**Records:**
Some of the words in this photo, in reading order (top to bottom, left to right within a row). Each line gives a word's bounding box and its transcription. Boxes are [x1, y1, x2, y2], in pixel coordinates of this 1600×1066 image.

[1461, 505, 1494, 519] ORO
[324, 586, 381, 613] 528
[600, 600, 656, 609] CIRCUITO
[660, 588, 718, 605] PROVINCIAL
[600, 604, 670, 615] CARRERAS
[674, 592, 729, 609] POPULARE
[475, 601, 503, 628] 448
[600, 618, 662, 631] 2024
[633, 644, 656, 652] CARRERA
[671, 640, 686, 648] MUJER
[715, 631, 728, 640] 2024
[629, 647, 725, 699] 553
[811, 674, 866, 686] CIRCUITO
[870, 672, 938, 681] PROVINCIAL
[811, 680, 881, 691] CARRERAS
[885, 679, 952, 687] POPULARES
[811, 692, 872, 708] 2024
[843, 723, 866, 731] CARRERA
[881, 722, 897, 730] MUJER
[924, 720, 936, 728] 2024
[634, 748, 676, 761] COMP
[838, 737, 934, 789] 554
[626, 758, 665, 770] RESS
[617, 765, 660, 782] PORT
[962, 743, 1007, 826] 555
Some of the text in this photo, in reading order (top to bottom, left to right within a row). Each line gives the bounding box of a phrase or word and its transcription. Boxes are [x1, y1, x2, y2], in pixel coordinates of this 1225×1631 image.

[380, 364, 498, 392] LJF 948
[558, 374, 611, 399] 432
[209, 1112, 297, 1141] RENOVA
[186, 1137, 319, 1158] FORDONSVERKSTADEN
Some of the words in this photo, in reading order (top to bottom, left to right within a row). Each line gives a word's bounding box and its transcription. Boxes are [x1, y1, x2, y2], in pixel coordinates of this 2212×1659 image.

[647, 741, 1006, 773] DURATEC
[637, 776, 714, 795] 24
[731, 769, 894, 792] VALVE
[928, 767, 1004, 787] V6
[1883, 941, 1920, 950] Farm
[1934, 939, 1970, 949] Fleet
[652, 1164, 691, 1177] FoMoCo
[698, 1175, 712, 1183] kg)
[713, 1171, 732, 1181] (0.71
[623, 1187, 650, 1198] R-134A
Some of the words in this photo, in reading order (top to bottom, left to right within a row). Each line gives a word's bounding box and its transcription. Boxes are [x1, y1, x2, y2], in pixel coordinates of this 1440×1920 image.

**Exercise details:** A complete, exact transcription of the records is needed.

**Reply:**
Some of the words in this photo, in reading order (top to bottom, left to right within a row). Each line gives a word's bounding box and its transcription. Boxes are [x1, y1, x2, y2], in pixel coordinates of this 1600×1066 image.

[1461, 505, 1494, 519] ORO
[324, 586, 381, 613] 528
[600, 600, 656, 609] CIRCUITO
[660, 588, 718, 605] PROVINCIAL
[600, 604, 670, 615] CARRERAS
[674, 592, 729, 609] POPULARE
[475, 601, 503, 628] 448
[600, 618, 662, 631] 2024
[633, 644, 656, 652] CARRERA
[671, 640, 686, 648] MUJER
[715, 631, 728, 640] 2024
[629, 647, 725, 699] 553
[811, 674, 866, 686] CIRCUITO
[870, 672, 938, 681] PROVINCIAL
[811, 680, 881, 691] CARRERAS
[885, 679, 952, 687] POPULARES
[811, 692, 872, 708] 2024
[843, 723, 866, 731] CARRERA
[881, 722, 897, 730] MUJER
[924, 720, 936, 728] 2024
[634, 748, 676, 761] COMP
[838, 737, 934, 789] 554
[626, 758, 665, 770] RESS
[617, 765, 660, 782] PORT
[962, 743, 1007, 826] 555
Some of the text in this photo, in reading order (top to bottom, left to right within a row). Each line gives the bounding box of a phrase or word and its transcription. Boxes are [x1, y1, x2, y2], in pixel coordinates of this 1225×1631 image.

[380, 364, 498, 392] LJF 948
[558, 374, 611, 399] 432
[209, 1112, 297, 1141] RENOVA
[186, 1137, 319, 1158] FORDONSVERKSTADEN
Some of the words in this photo, in reading order (top to bottom, left to right within a row). Each line gives a word's bounding box and its transcription. Boxes are [x1, y1, x2, y2], in pixel coordinates of this 2212×1659 image.

[647, 741, 1006, 773] DURATEC
[637, 776, 714, 795] 24
[731, 769, 894, 792] VALVE
[928, 767, 1004, 787] V6
[1883, 941, 1920, 950] Farm
[1934, 939, 1970, 949] Fleet
[652, 1164, 691, 1177] FoMoCo
[698, 1175, 712, 1183] kg)
[713, 1171, 732, 1181] (0.71
[623, 1187, 650, 1198] R-134A
Some of the words in this photo, in reading order (top to bottom, left to right within a row). Each line gives a word's bounding box and its transcription. Boxes are [x1, y1, x2, y2], in pixel coordinates of this 1440×1920 image.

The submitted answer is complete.